Di un paso hacia él.

—¿Por qué tu madre escondió esta grabación?

Silencio.

—¿Por qué tú intentaste quitarme la caja antes de saber qué contenía?

Silencio.

—¿Y por qué tienes miedo de una voz de un hombre que supuestamente desapareció?

Rodrigo no contestó.

Porque ya no podía.

Su mentira más grande acababa de aparecer en una pantalla.

Y había algo peor.

La tarjeta tenía más archivos.

Muchos más.

El abogado desplazó la lista.

Archivo 02.

Archivo 03.

Archivo 04.

Hasta llegar al último.

“Prueba final”.

Rodrigo lo vio.

Y por primera vez desde que lo conocía, parecía realmente aterrorizado.

—No abran ese archivo.

Nadie se movió.

El abogado lo miró.

—¿Por qué?

Rodrigo cerró los ojos.

Y susurró algo que hizo que todos quedaran congelados.

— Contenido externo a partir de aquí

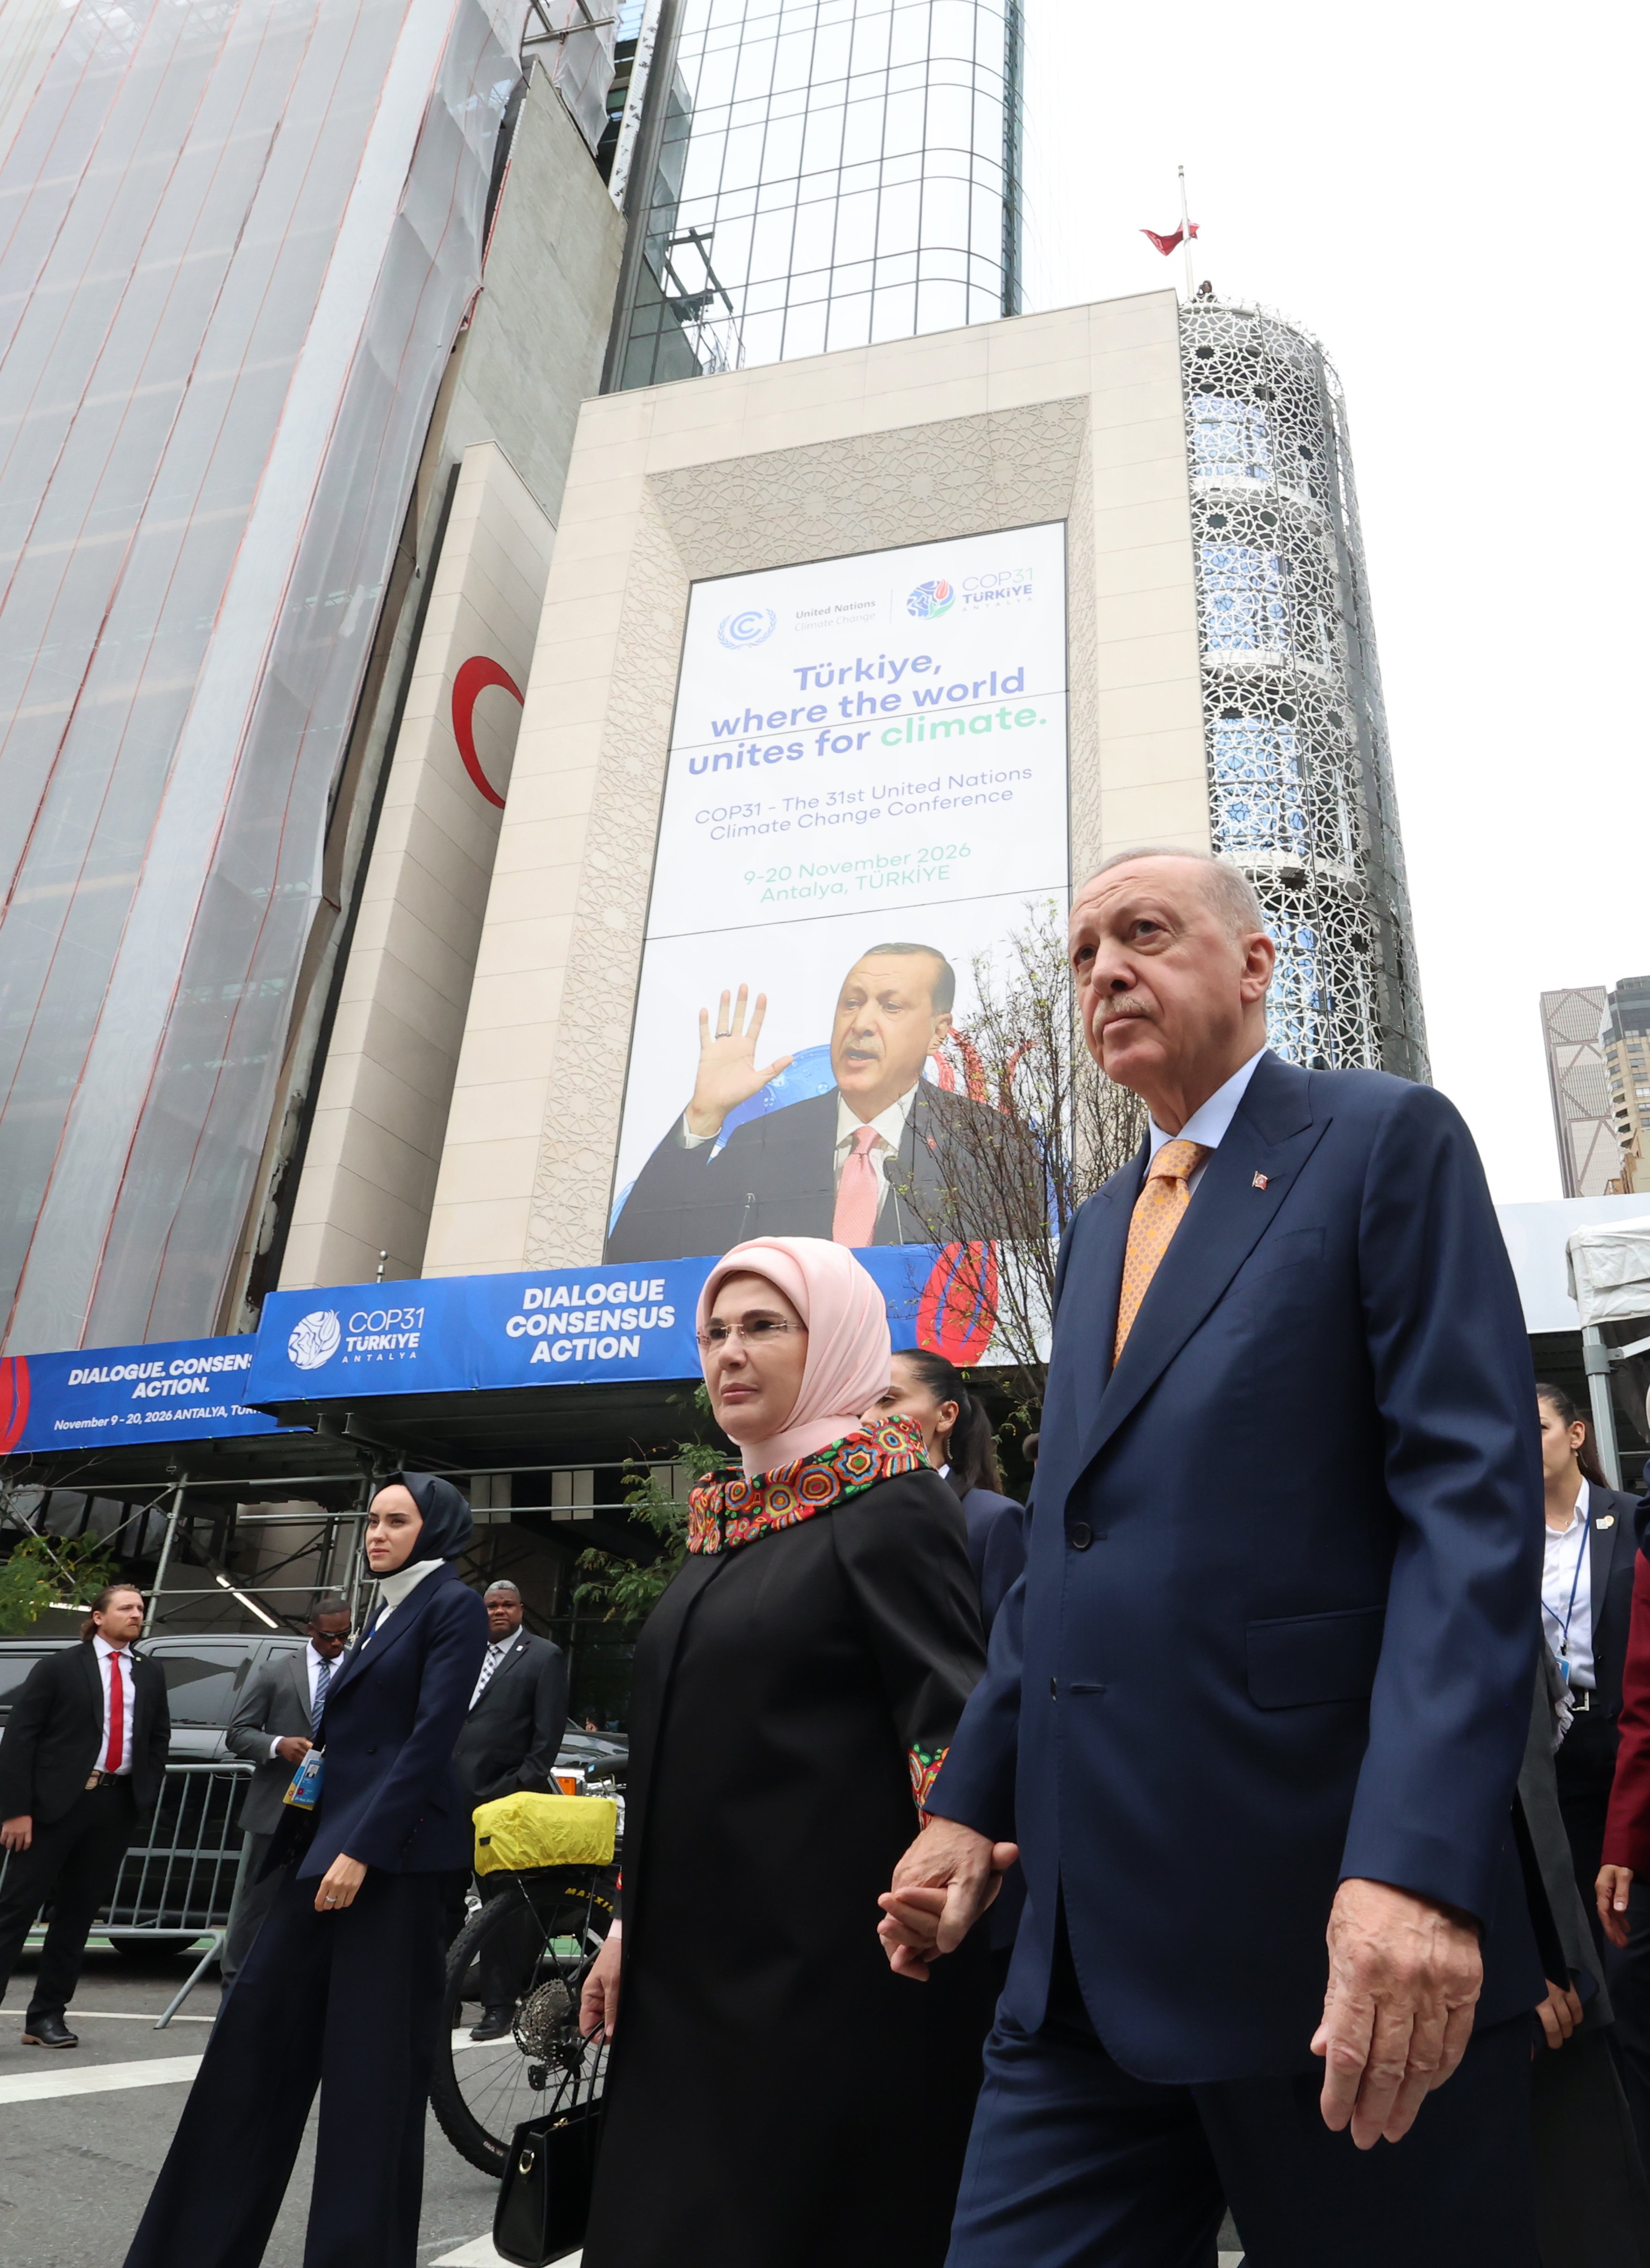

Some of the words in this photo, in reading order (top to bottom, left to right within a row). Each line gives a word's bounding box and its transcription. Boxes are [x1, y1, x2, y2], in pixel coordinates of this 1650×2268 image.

—Porque ahí está la verdad de por qué Mateo desapareció.

La pantalla seguía esperando.

El archivo final estaba a un solo clic.

Y yo entendí que durante ocho meses todos habían estado buscando a un hombre desaparecido.

Pero nadie había preguntado la pregunta correcta:

¿Quién necesitaba que Mateo desapareciera para quedarse con todo?